Con el mismo descaro que al inicio, dos platos de pobre trabajados para que sean ricos: los garbanzos con patatas y tripa de bacalao (y escórpora, pero qué más da que lleve o no pescado) y los tendones de ternera con ajo negro. Fue Mirazur caseta con humildes viandas cuando existían las fronteras y sigue en la senda de lo popular llevado a la máxima expresión. El postre exprime el cítrico: crema de azafrán, espuma de almendra y sorbete de naranja.

Se agarra el cocinero a la Tierra, aunque lo que ofrece esta casa ha sido construido en el aire, desde ese ventanal que mira al Mediterráneo. Un mar lo llevó a otro. Comía en el Akelarre de Pedro Subijana, en San Sebastián, abierto al Cantábrico, y se soñó capitán del puente, señor de un panorama similar. La voz de unos amigos llevó hasta otros y un día se sentó frente al millonario Michael Likierman, dueño del edificio de Mirazur. Aunque sabía que era imposible pagar el alquiler de aquel nido, al inglés le agradó la vida del trotamundos y se lo cedió a un buen precio. “Solté una plata que no tenía”.

Por supuesto, no quiere irse de aquí, este es su lugar, el sitio en el que habita con Julia y con Valentín, donde es de todas partes sin ser de ninguna, donde habla en castellano, en francés y en portugués en una alternancia vertiginosa, sin percibir cuándo pasa de una lengua a otra porque los tres son los idiomas de la familia.

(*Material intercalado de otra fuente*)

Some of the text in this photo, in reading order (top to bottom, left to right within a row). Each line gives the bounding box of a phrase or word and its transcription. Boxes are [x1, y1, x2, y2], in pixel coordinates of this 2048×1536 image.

En el 2012 lo nombraron Caballero de las Artes y las Letras, al descendiente de emigrantes vascos e italianos –gente “nacida en el barco”–, al nieto del zapatero Oreste Colagreco, al nieto de Amalia Blanco, que lo reconfortaba con raviolis de espinacas, sesos y nuez.

“Fue muy fuerte, casi diría que la consagración más emotiva. Ver a mis padres emocionados, llegados de Argentina para acompañar a su hijo que se había ido 11 años atrás, apenas sabiendo algunas palabras de francés y sin conocer a nadie, y que el Estado francés me reconociese por la aportación a la gastronomía. Fue lindo. Sobre todo me afirmó en mi interior como un cocinero aceptado por los franceses”.

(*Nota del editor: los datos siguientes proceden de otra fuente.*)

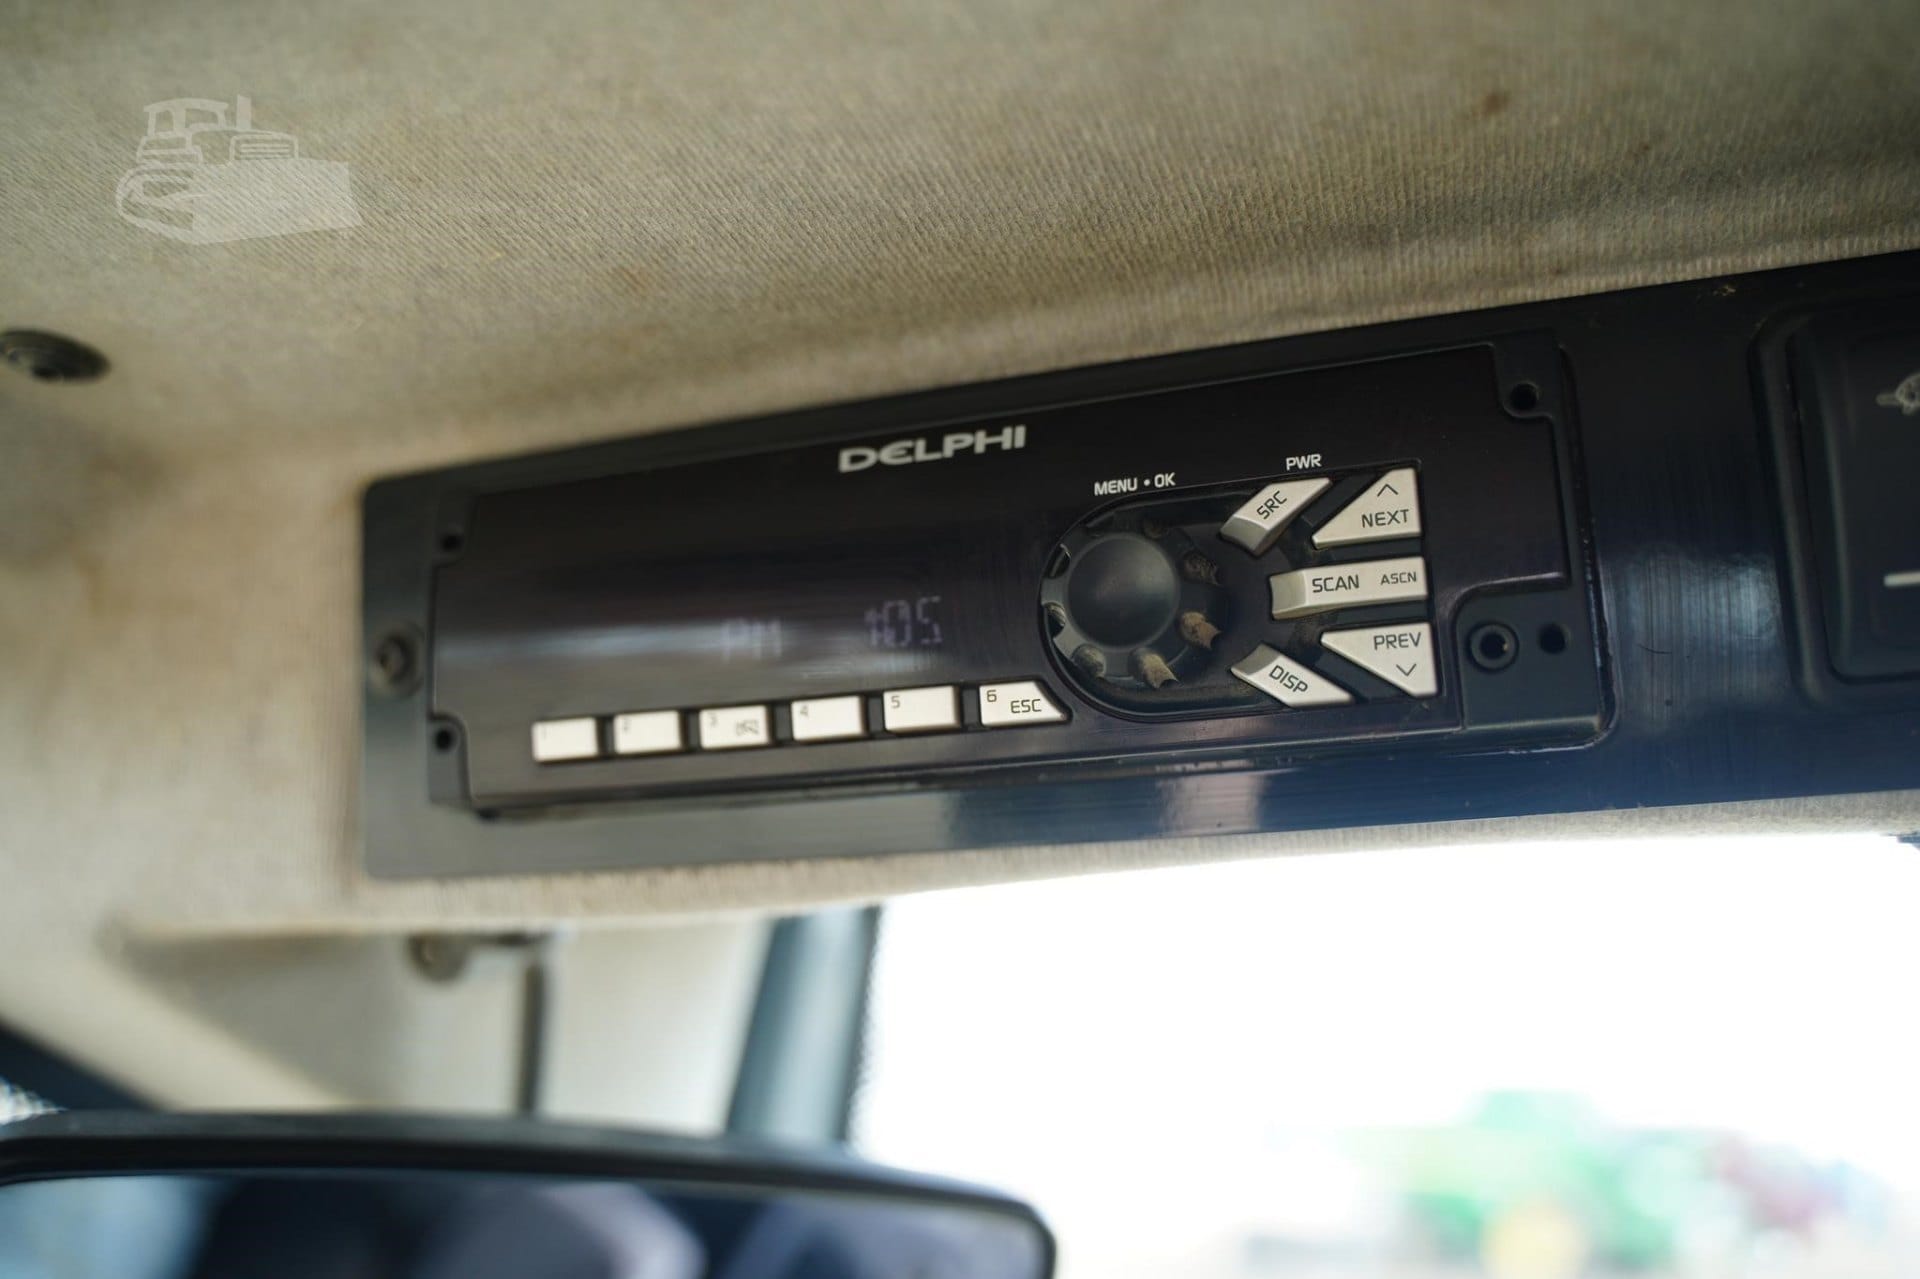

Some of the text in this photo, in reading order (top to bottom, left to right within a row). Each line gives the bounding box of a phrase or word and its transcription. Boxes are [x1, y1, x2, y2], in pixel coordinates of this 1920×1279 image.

[839, 426, 1026, 472] DELPHI
[1286, 453, 1322, 471] PWR
[1094, 472, 1176, 496] MENU OK
[1256, 490, 1287, 520] SRC
[1361, 509, 1409, 528] NEXT
[1312, 571, 1417, 593] SCAN ASCN
[1373, 632, 1421, 650] PREV
[1268, 665, 1309, 693] DISP
[890, 696, 901, 710] 5
[985, 689, 1042, 714] 6 ESC

Porque, a veces, alguien dice, todavía: “Ça va l’argentin”.

El lunes, día de fiesta, 'l’argentin' come en La Merenda, el restaurantito de Dominique Le Stanc en Niza. Es incómodo, pequeño, los comensales se sientan en taburetes pegados los unos a los otros, pero dobla servicios como quien dobla servilletas.

La dictadura mediática

La pasta al pesto es increíble; la tartaleta de tomates, una esponja; la tripa, un íntimo enredo. Sin embargo, su mayor lección es otra: hace 17 años dejó las dos estrellas del restaurante Chantecler para refugiarse en esta madriguera. ¿Por qué? Dominique responde como ha respondido tantas veces: “Porque tenía a mis órdenes a 25 cocineros y no cocinaba”.

La dictadura mediática, el convertirse en un chef distinto del que se quiso ser, acobardado y rehén de las opiniones ajenas, encadenado al ego y al éxito. Hablar del suicidio de Loiseau es apropiado: “Fue terrible. Loiseau me abrió las puertas de la alta cocina. Una gran pérdida, pero también una gran lección. Saber hasta dónde puede llegar la pasión, la imagen que uno proyecta, lo importante que es saber vivir”. 

Mauro piensa en eso y, como la mayoría de chefs, sueña, de una forma breve y exultante, en apartarse de listas y estrellas y volver a lo básico. A la mesa familiar en Selvadolce en la que cortó y aliñó la amanita caesarea con aceite y avellanas tiernas y las pizzas volaban recién hechas. El espejismo se borra y la realidad regresa con afiladas esquinas. Pero ¿por qué no entregarse a otro sueño más inmediato y posible?

¿Y si Menton se convierte en el primer destino gastronómico del país?